Differences in signaling through the B-cell leukemia oncoprotein CRLF2 in response to TSLP and through mutant JAK2

  1. Diederik van Bodegom1,2,
  2. Jun Zhong36,
  3. Nadja Kopp1,2,
  4. Chaitali Dutta1,2,
  5. Min-Sik Kim36,
  6. Liat Bird1,2,
  7. Oliver Weigert1,2,
  8. Jeffrey Tyner7,
  9. Akhilesh Pandey36,
  10. Akinori Yoda1,2,*, and
  11. David M. Weinstock1,2,*
  1. 1Department of Medical Oncology, Dana-Farber Cancer Institute, and
  2. 2Harvard Medical School Boston, MA;
  3. 3McKusick-Nathans Institute of Genetic Medicine, and
  4. Departments of 4Biological Chemistry,
  5. 5Oncology, and
  6. 6Pathology, Johns Hopkins University School of Medicine, Baltimore, MD; and
  7. 7Division of Hematology and Medical Oncology, Oregon Health & Science University Knight Cancer Institute, Portland, OR

Abstract

Approximately 10% of B-cell acute lymphoblastic leukemias (B-ALLs) overexpress the cytokine receptor subunit CRLF2, which may confer a poor prognosis. CRLF2 binds its ligand thymic stromal lymphopoietin (TSLP) as a heterodimer with IL7R. Subsets of CRLF2-overexpressing B-ALLs also have a gain-of-function CRLF2 F232C mutation or activating mutations in JAK2. Whether these mutant alleles confer differences in signaling has not been addressed.
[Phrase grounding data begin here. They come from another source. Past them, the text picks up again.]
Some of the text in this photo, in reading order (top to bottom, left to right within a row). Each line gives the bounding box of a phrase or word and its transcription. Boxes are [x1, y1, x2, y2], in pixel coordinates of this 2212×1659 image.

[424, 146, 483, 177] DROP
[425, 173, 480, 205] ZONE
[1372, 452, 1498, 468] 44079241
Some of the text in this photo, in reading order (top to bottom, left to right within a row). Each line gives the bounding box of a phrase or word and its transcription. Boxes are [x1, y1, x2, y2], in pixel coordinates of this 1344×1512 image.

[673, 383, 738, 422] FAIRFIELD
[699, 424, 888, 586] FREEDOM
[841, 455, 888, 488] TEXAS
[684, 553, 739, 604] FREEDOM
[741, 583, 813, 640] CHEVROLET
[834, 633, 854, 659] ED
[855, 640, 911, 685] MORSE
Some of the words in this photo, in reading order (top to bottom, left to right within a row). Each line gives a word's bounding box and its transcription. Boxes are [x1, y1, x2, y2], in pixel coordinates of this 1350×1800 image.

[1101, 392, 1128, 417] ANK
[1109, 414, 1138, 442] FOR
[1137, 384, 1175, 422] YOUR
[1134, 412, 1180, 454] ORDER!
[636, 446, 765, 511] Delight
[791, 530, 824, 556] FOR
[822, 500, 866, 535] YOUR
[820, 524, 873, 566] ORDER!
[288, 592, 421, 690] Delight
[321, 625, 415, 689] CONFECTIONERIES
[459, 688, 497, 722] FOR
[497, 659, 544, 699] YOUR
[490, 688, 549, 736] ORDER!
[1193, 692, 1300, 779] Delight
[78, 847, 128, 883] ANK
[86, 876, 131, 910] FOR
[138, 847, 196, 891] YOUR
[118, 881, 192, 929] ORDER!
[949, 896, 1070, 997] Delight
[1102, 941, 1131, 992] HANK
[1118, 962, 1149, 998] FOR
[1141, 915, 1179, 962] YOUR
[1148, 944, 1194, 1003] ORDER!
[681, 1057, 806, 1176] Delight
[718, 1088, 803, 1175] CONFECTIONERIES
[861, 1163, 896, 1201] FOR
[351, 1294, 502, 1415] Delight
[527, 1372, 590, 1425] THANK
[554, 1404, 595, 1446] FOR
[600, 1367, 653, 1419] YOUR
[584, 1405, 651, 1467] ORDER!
Through a domain mutation analysis, we demonstrate a distinct dependence on the CRLF2 intracellular tyrosine Y368 in signaling by CRLF2 F232C, but not signaling induced by TSLP or through CRLF2/mutant JAK2. In contrast, CRLF2 signaling in each context is strictly dependent on both the CRLF2 box1 domain and the intracellular tryptophan W286. Using a global quantitative analysis of tyrosine phosphorylation induced by TSLP, we previously identified TSLP-induced phosphorylation of multiple kinases implicated in B-cell receptor signaling, including Lyn, Btk, Hck, Syk, MAPK8, MAPK9, and MAPK10. We now demonstrate that cells dependent on CRLF2/mutant JAK2 have reduced phosphorylation at these targets, suggesting that the kinases promote TSLP-mediated proliferation but serve as negative regulators of CRLF2/mutant JAK2 signaling. Thus, targetable nodes downstream of CRLF2 differ based on the presence or absence of additional mutations in CRLF2 signaling components.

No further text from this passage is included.